To my relief, the men didn't seem interested in me. They stood listening to Tam, frowning with concentration. Tam finished his lament on a sudden cut note, and the echo died away from the castle walls.

"He's a good piper, isn't he, Wully?" said one.

"He is that. Play us a jig, Granddad."

I could see that the effort of playing was making Tam even more exhausted. He gasped for each breath needed to fill the bag, and sweat beads formed on his dreadfully white face, but his fingers flew over the chanter holes as fast as the feet of scampering mice, and the tune was so lilting and catchy that the two men began to hop about, and even I, scared as I was, couldn't stop my foot tapping.

When at last the jig was finished, one of them took Tam by the arm.

"Come on," he said. "You're just the man we need."

Tam gently shook him off.

"Hold on, son. What do you want me for?"

"We need you in there." The man lifted his chin toward the castle. "Our stupid piper went so hard at the bottle he fell halfway down the cliff. Broke his head and his right arm. He'll be weeks mending. The Earl Marischal needs piping into his dinner, and the lads are down without a note of music. There's not even a fiddle in the whole lousy place."

"Well," said Tam, with a show of reluctance that made me hide a smile, "I don't know. What terms would you be offering me?"

"Terms?" They both burst out laughing.

"A drafty old hayloft to sleep in," said one.

"Your food, and it's not bad either. There's meat every day and venison sometimes."

"And we won't throw you off this cliff."

There was a pause, as the menace of this threat sank in.

"Plenty of whiskey. It's good stuff too."

Tam grinned with what I could see was real pleasure.

"Now you're talking, lads. But I'm not going anywhere without the lassie."

Both men turned in my direction, and I felt hot at the way their eyes crawled over me.

"She's my granddaughter," Tam said hastily, "and if any harm comes to her, I'll play 'The Unlucky Soldier.' Last time I had to do it, the plague struck the camp within the week. I felt bad about it, as a matter of fact. Twenty. Dead. In days."

The tune of "The Unlucky Soldier" was a new one to me, as I was sure it was to Tam, but the two men's mouths had fallen open, and they were looking at Tam with respect.

"It's a deal," one of them said. "We'll warn the boys. The girl's not to be touched. They'll find a job for her in the kitchen."

And so Tam and I walked boldly under the portcullis, through the archway, past the throng of guards, and into that fearsome place as easily as if we'd walked out onto the beach at Scalpsie Bay.

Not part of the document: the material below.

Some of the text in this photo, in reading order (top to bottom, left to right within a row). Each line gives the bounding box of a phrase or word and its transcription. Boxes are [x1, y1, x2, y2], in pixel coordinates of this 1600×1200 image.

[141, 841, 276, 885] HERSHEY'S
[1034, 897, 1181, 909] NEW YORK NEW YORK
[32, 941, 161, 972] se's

I looked back when we were through the entrance, across the narrow land bridge, and up the cliff beyond. It had been almost too easy, getting in. It might be much harder getting out.

There were steep steps rising from the gatehouse. Halfway up them, Tam stopped and clutched at my arm for support.

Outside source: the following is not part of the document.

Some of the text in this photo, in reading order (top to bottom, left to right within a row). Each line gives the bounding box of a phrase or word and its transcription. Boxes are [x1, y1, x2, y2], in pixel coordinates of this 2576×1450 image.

"It'll end here, Maidie," he said hoarsely.

"What will end? What do you mean?"

He seemed to give himself a shake. "Your search for your uncle! He's here, I'm sure of it. Admit it, darling. Clever Tam got you in here as easy as a flying bird."

I squeezed his arm and smiled, but a knot of dread was tightening my throat.

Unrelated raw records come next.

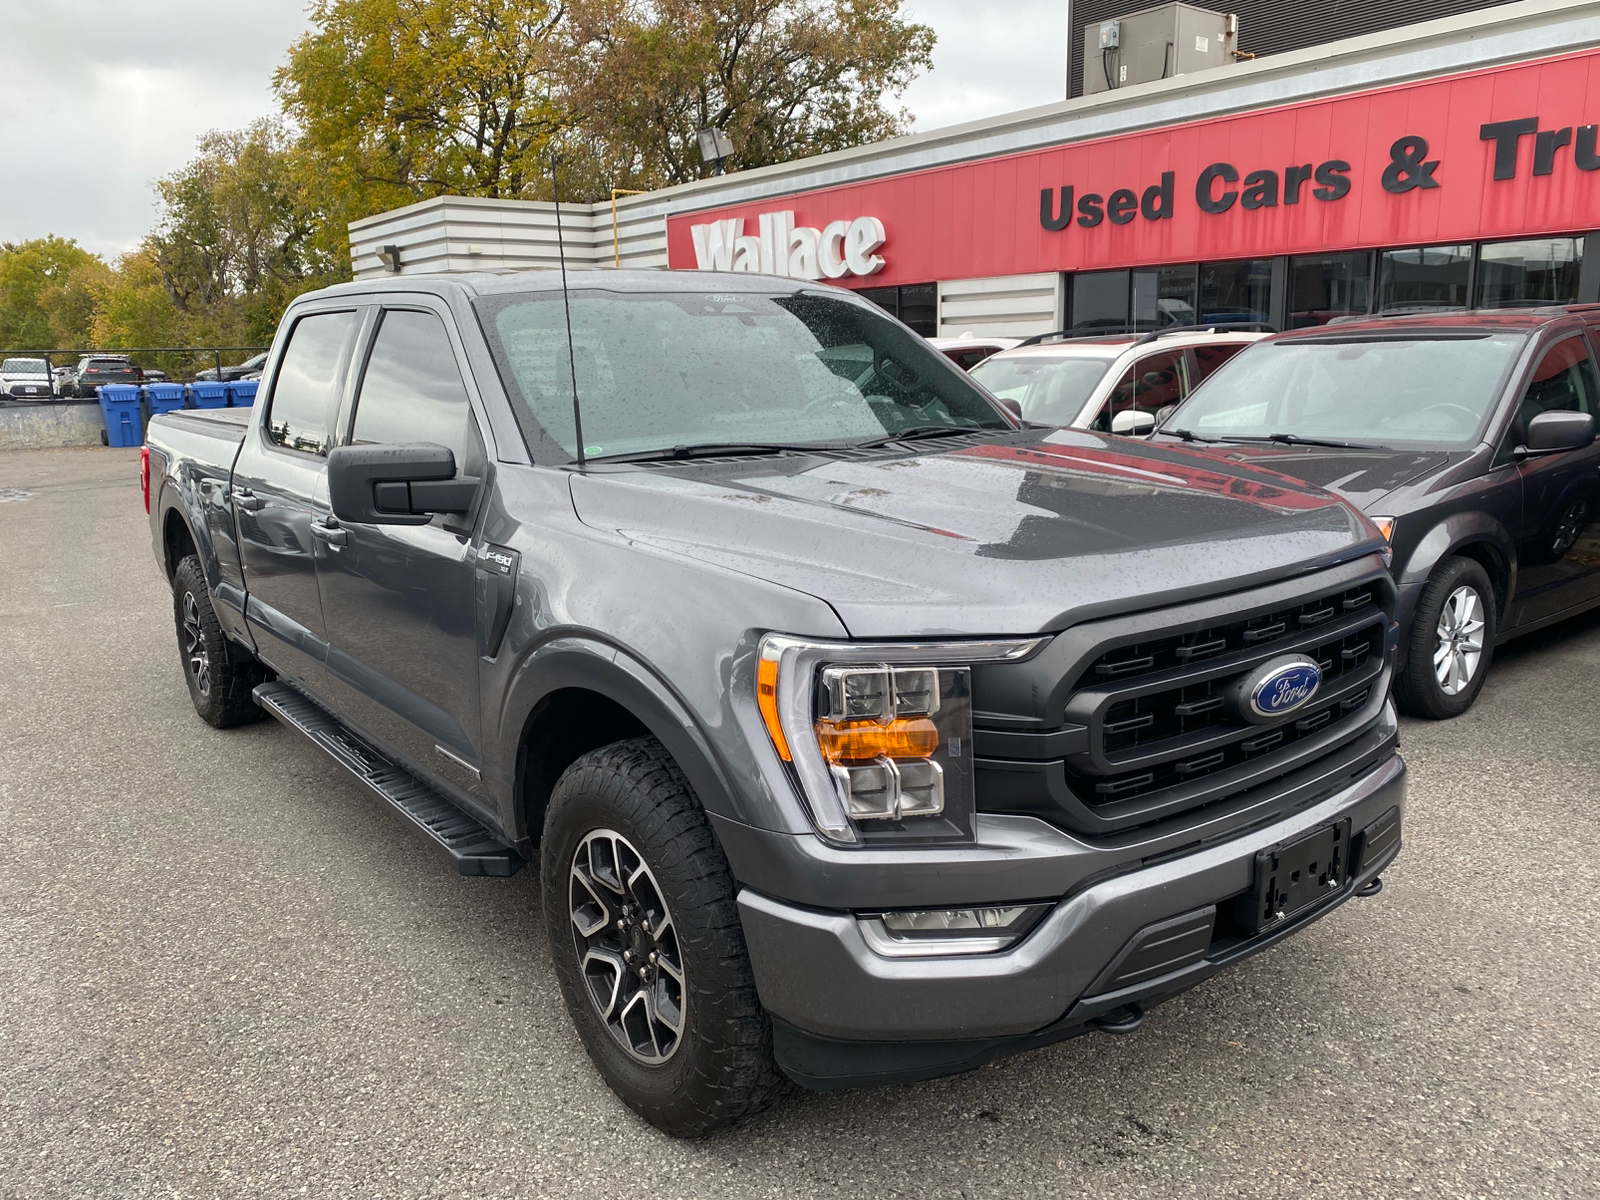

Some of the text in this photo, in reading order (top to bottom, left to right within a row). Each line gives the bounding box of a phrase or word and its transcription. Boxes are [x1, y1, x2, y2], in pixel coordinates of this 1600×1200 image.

[1039, 171, 1175, 231] Used
[1195, 159, 1351, 214] Cars
[1381, 135, 1441, 194] &
[690, 210, 887, 280] Wallace
[1271, 673, 1310, 708] Ford

"I do admit it. I can never manage anything without you."

He gave me a quizzical look, then struggled on up the steps.

It was easy to forget, once you were inside the castle, the terrifying rock on which it stood. The enclosing walls surrounded dozens of buildings, so that it felt almost like a town. There was a noble-looking keep and grand lordly houses, stables, pigsties, hen coops, workshops, open grassy spaces, stairways, passageways, and men everywhere. Some, in their shirtsleeves, were going in and out of the bakers and cellars and kitchens. Some, in leather aprons, were shoeing horses at the forge. Many, in soldiers' gear, were leaning against doorways, yawning and picking their teeth. There were men mending cartwheels, men sawing timber, men carrying baskets of fish on their heads.